• _PROBLEM TO WORK ON_:
Please retype the data below line for line and leave out every picture.
PROVIDED RECORDS Start Marker
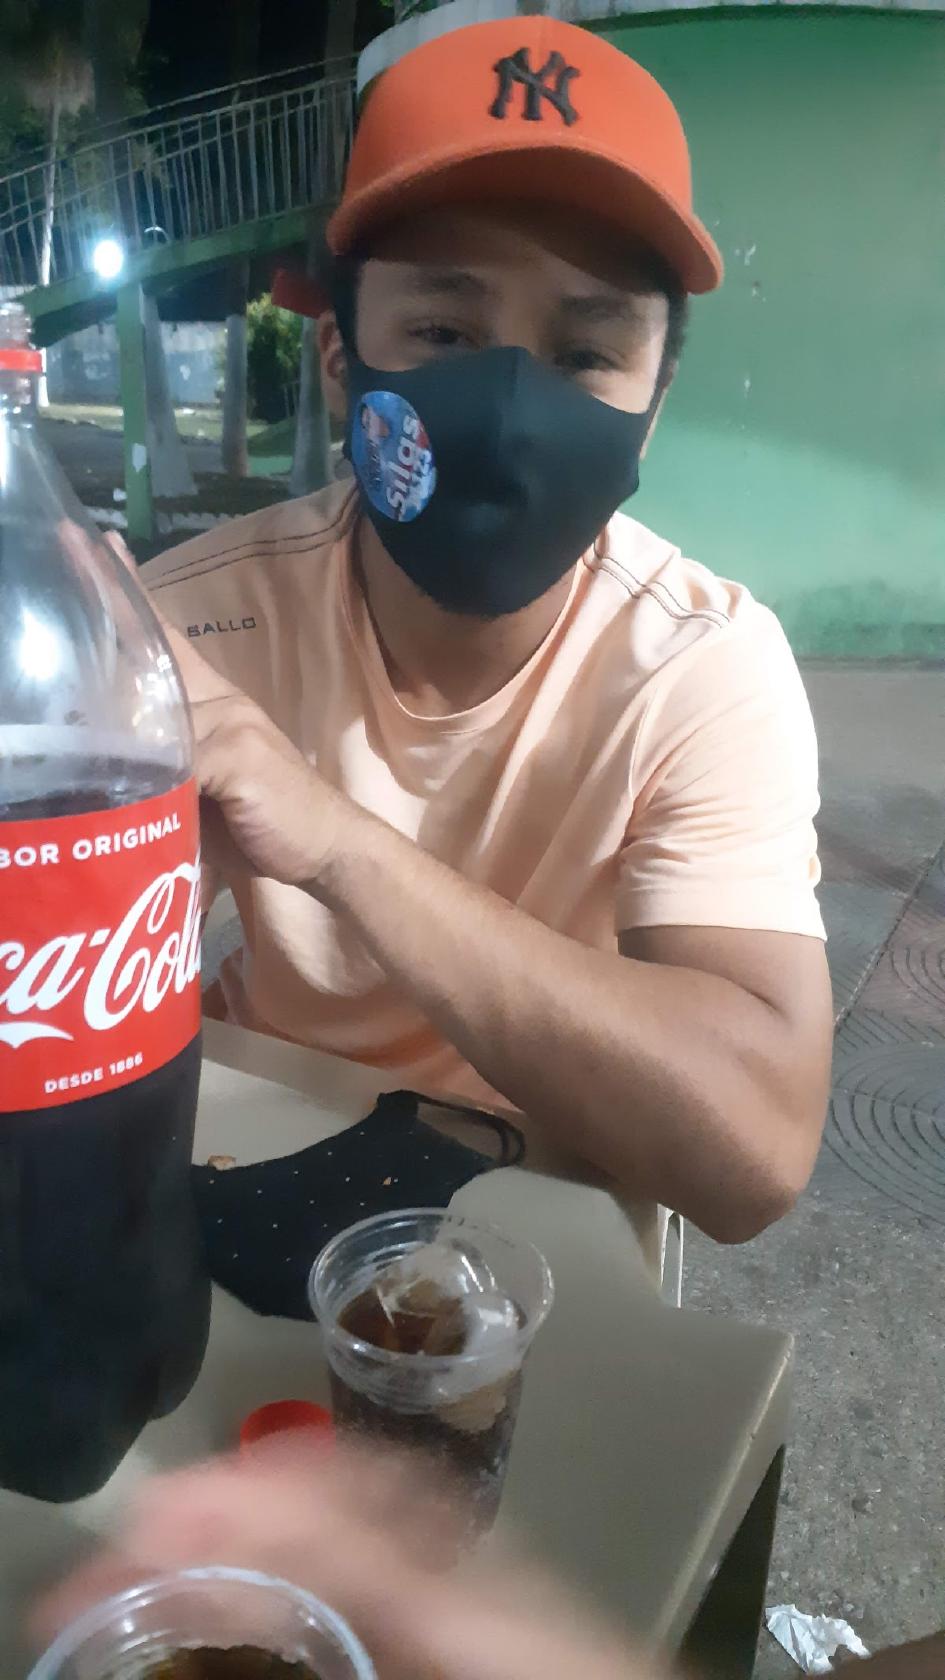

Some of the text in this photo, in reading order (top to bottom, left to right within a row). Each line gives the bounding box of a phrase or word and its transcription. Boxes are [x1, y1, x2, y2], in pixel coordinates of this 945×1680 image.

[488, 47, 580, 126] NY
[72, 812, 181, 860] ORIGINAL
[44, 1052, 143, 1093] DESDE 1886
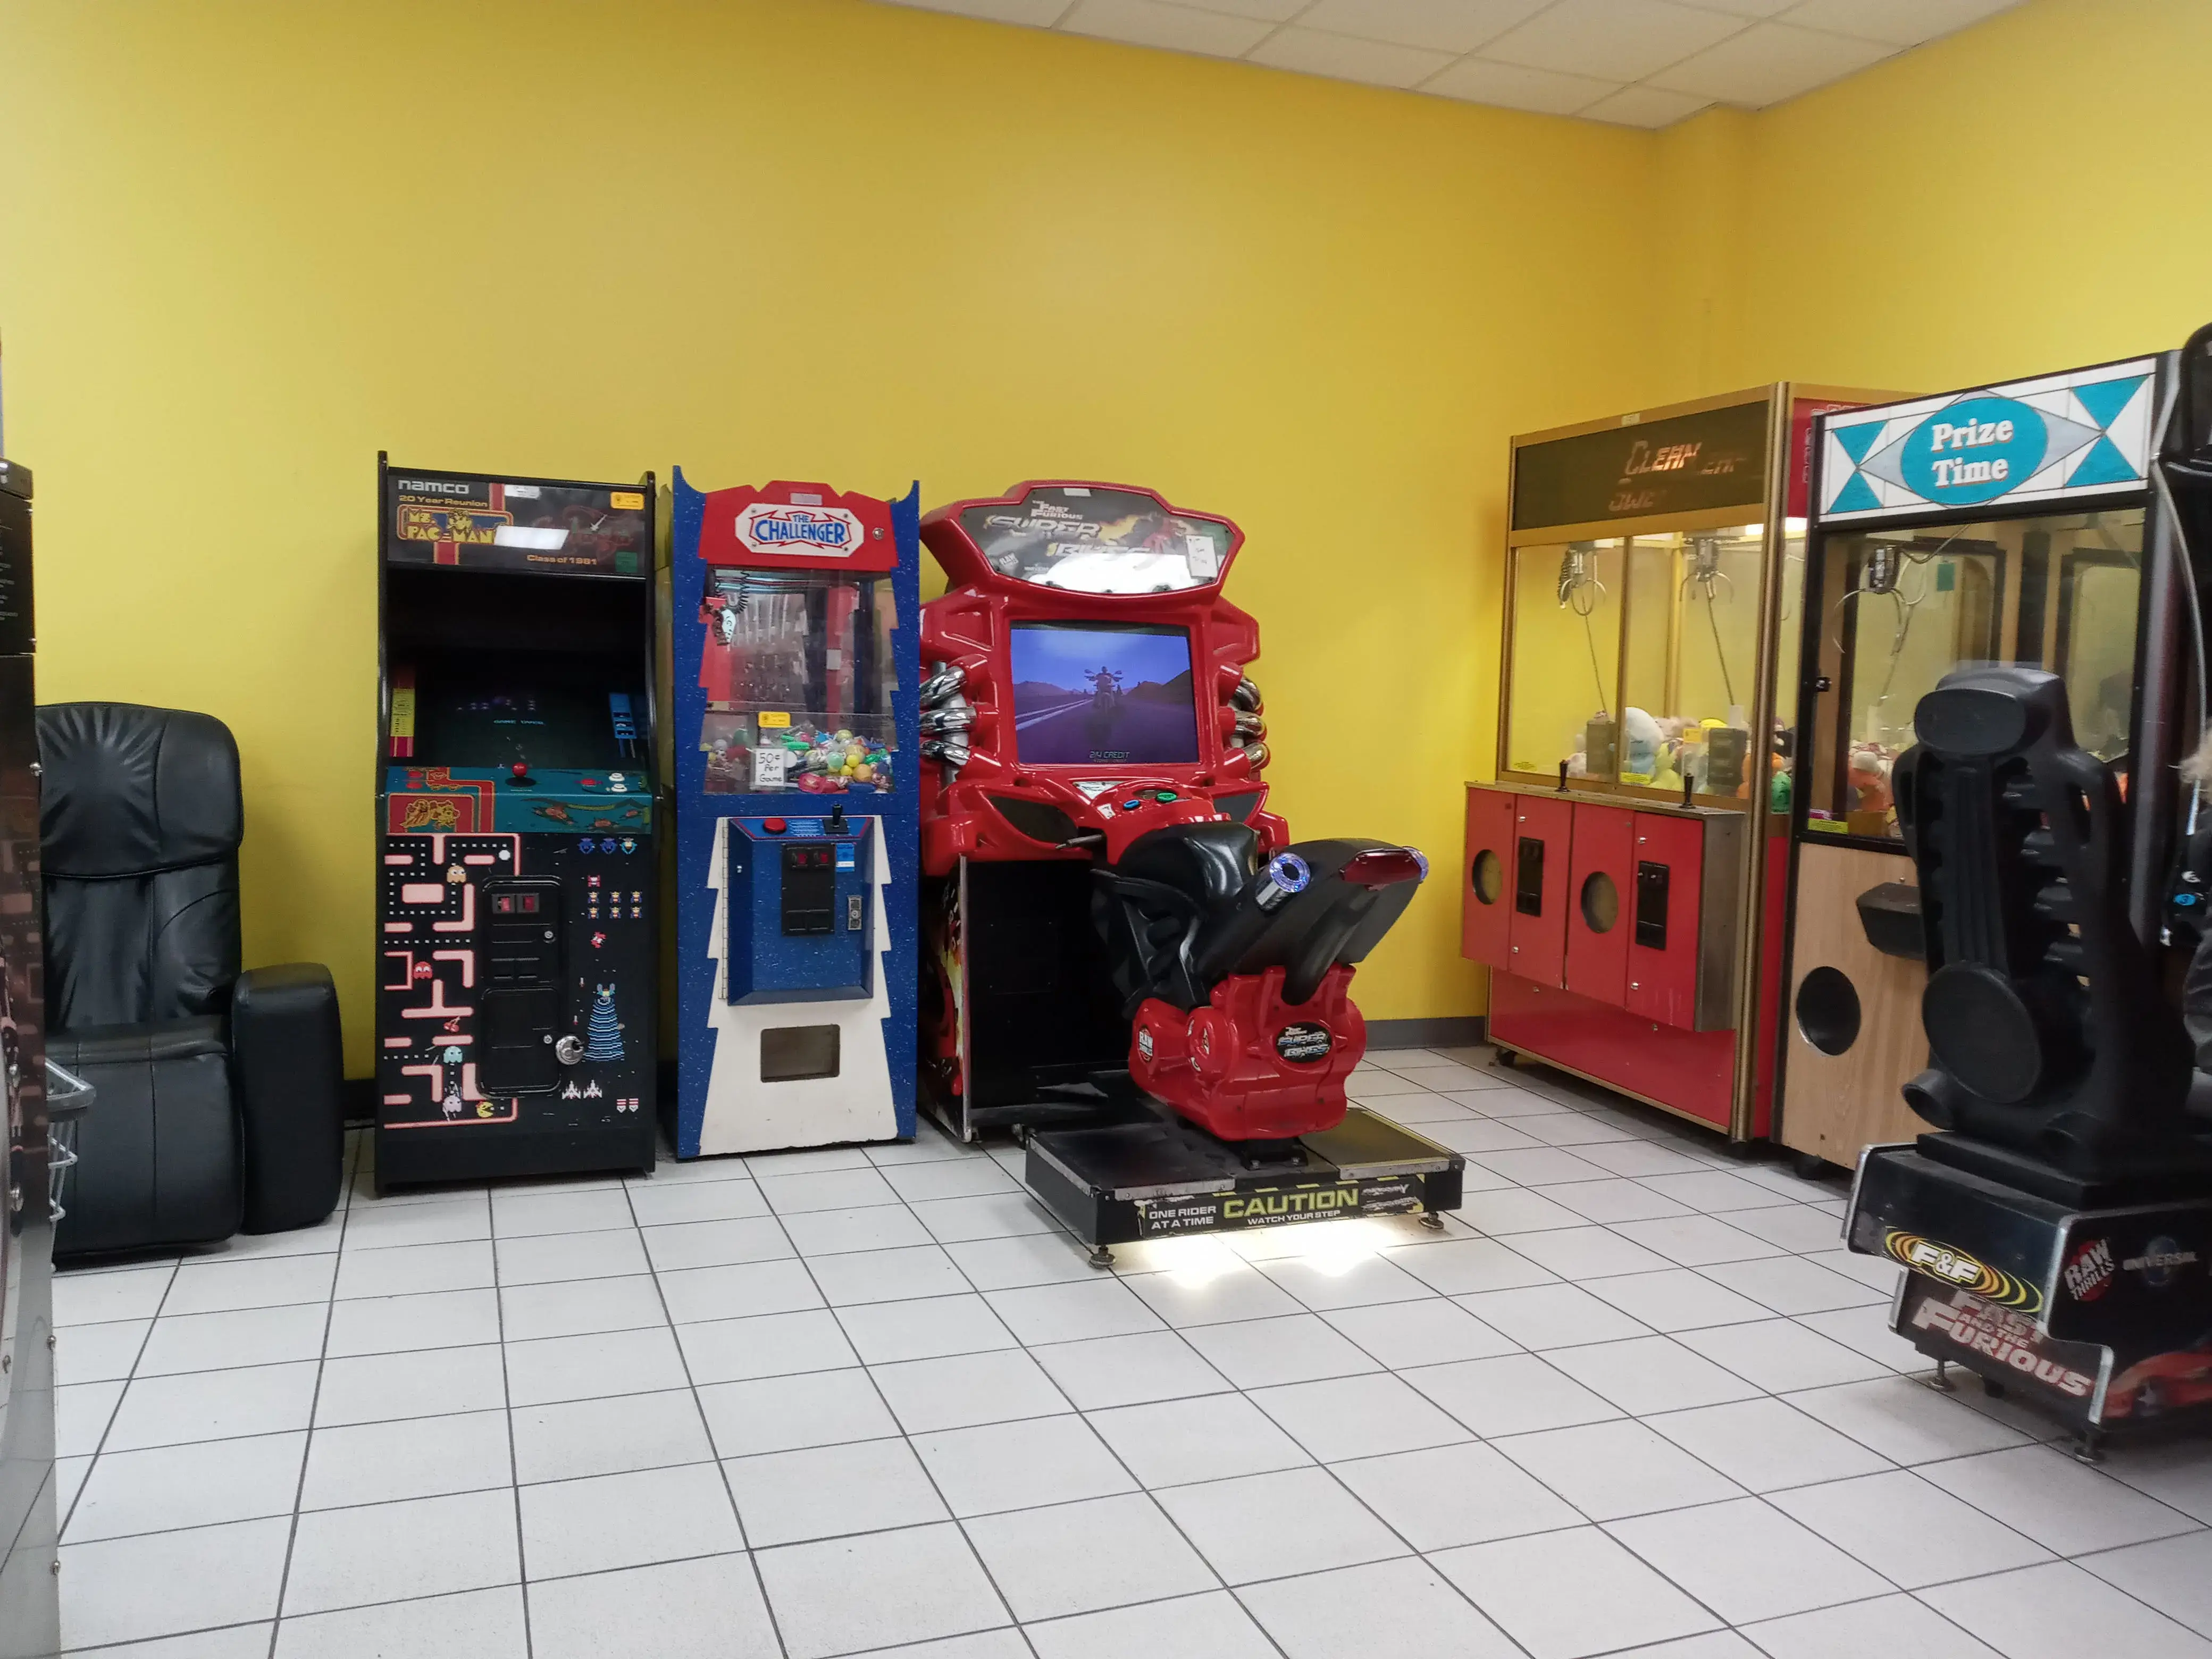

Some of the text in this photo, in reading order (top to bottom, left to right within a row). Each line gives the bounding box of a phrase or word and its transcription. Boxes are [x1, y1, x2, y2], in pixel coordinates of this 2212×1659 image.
PROVIDED RECORDS End Marker
• _SOLUTION_:
Some of the text in this photo, in reading order (top to bottom, left to right within a row). Each line gives the bounding box of a phrase or word and its transcription. Boxes are [x1, y1, x2, y2], in pixel coordinates of this 945×1680 image.

[488, 47, 580, 126] NY
[72, 812, 181, 860] ORIGINAL
[44, 1052, 143, 1093] DESDE 1886

Some of the text in this photo, in reading order (top to bottom, left to right within a row). Each line gives the bounding box of a phrase or word and its transcription. Boxes are [x1, y1, x2, y2], in pixel coordinates of this 2212×1659 image.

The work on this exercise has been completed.